» Directions
Without the pictures, copy all of the data exactly.

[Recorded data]
== Segment start ==
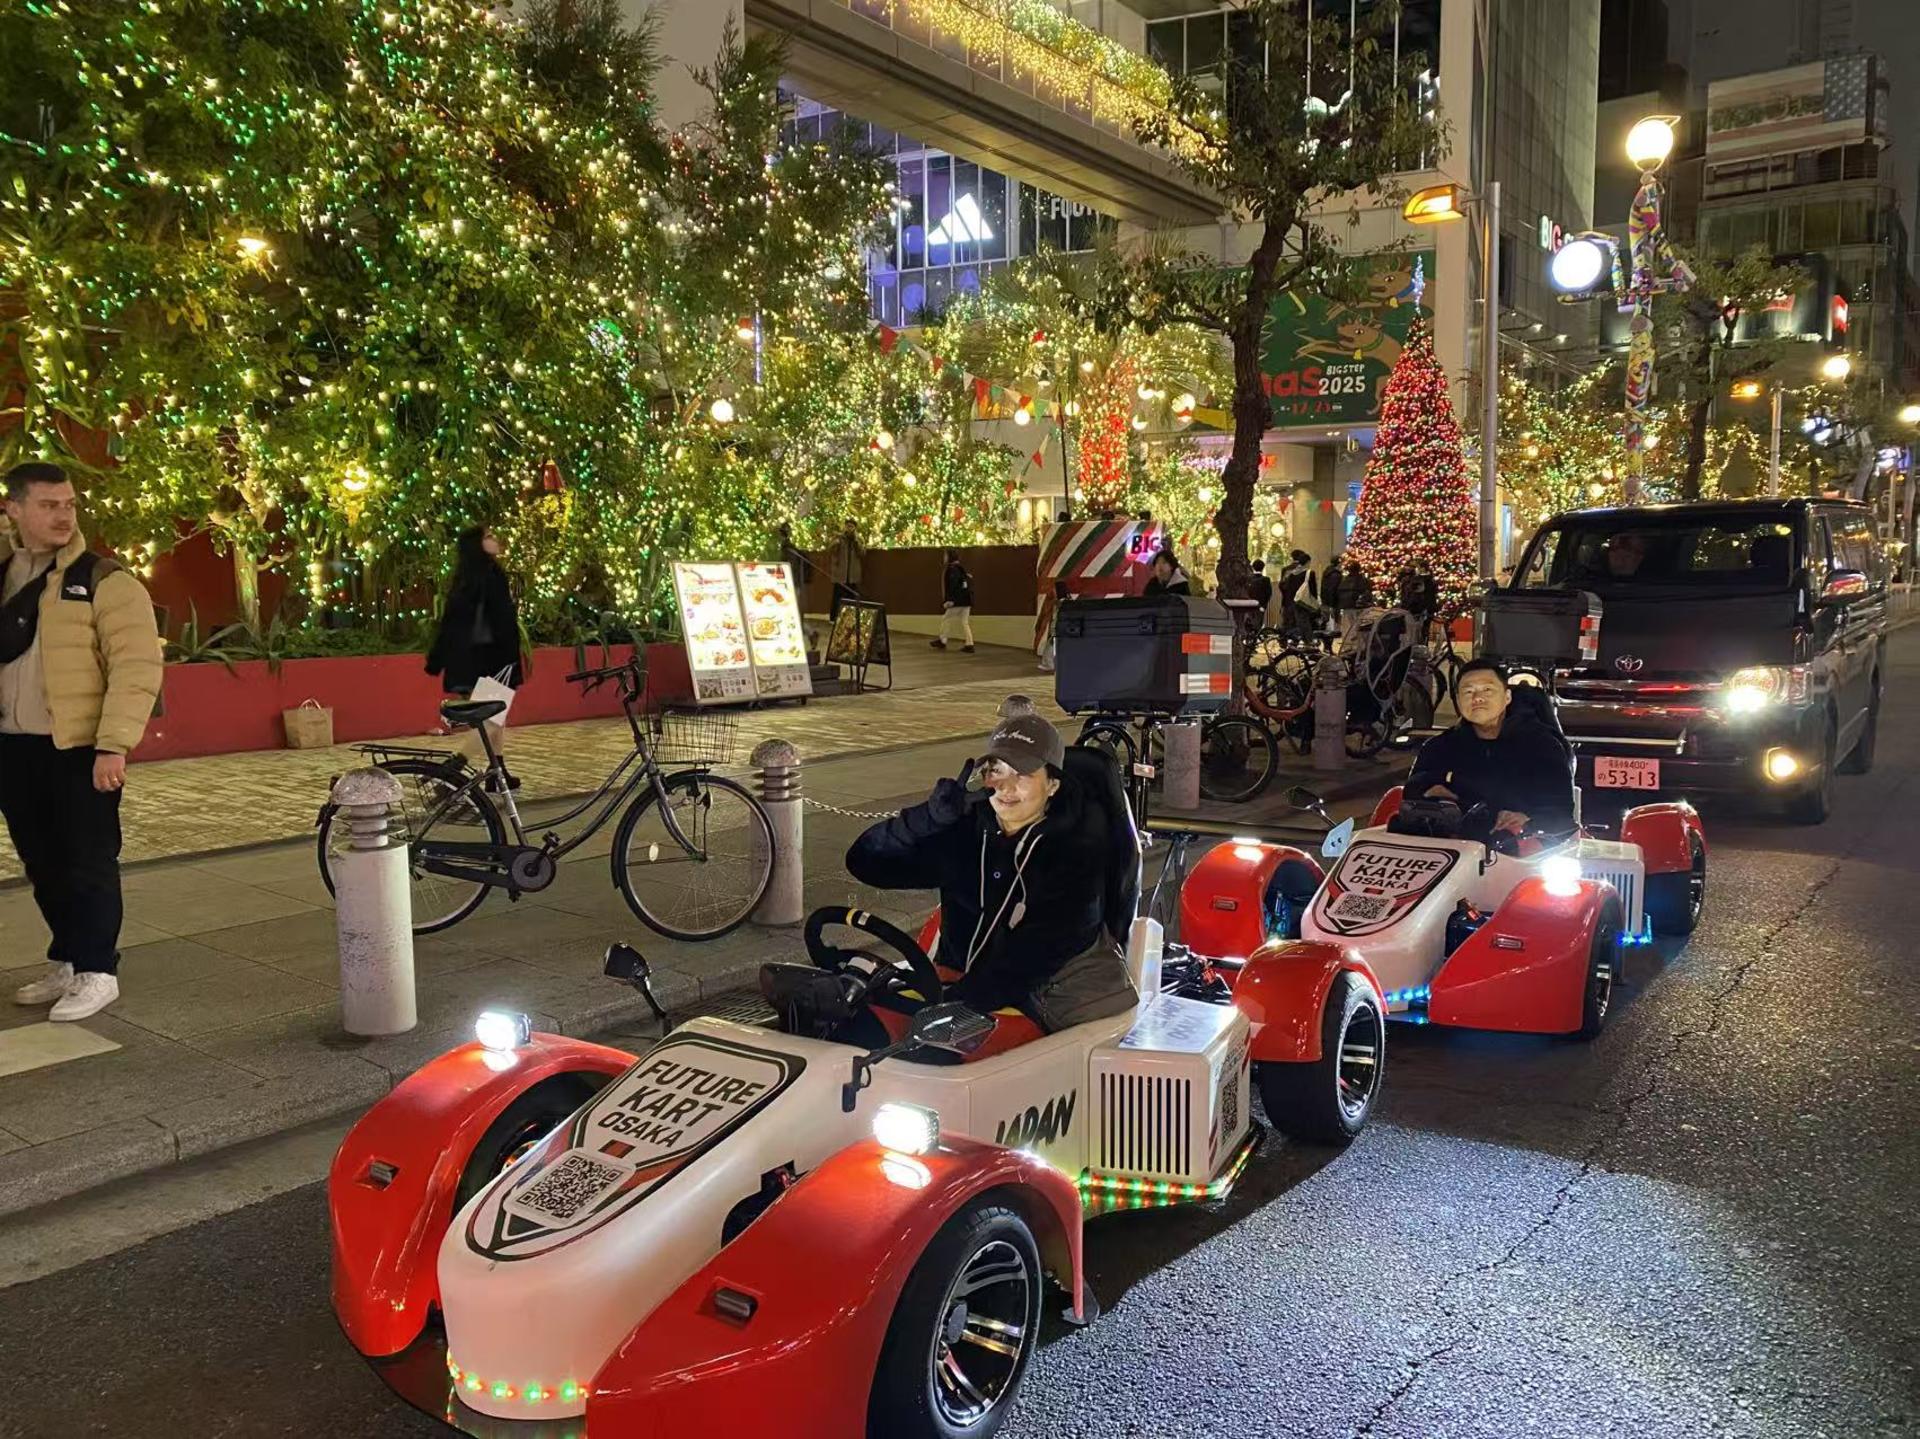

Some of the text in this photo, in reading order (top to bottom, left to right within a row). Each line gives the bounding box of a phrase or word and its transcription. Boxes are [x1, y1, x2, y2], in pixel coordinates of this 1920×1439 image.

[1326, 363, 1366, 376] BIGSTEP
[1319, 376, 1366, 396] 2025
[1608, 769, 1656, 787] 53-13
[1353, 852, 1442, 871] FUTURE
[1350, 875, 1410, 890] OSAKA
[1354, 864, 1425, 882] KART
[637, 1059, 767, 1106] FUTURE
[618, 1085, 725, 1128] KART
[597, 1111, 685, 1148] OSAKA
== Segment end ==
» Answer box
Some of the text in this photo, in reading order (top to bottom, left to right within a row). Each line gives the bounding box of a phrase or word and its transcription. Boxes are [x1, y1, x2, y2], in pixel coordinates of this 1920×1439 image.

[1326, 363, 1366, 376] BIGSTEP
[1319, 376, 1366, 396] 2025
[1608, 769, 1656, 787] 53-13
[1353, 852, 1442, 871] FUTURE
[1350, 875, 1410, 890] OSAKA
[1354, 864, 1425, 882] KART
[637, 1059, 767, 1106] FUTURE
[618, 1085, 725, 1128] KART
[597, 1111, 685, 1148] OSAKA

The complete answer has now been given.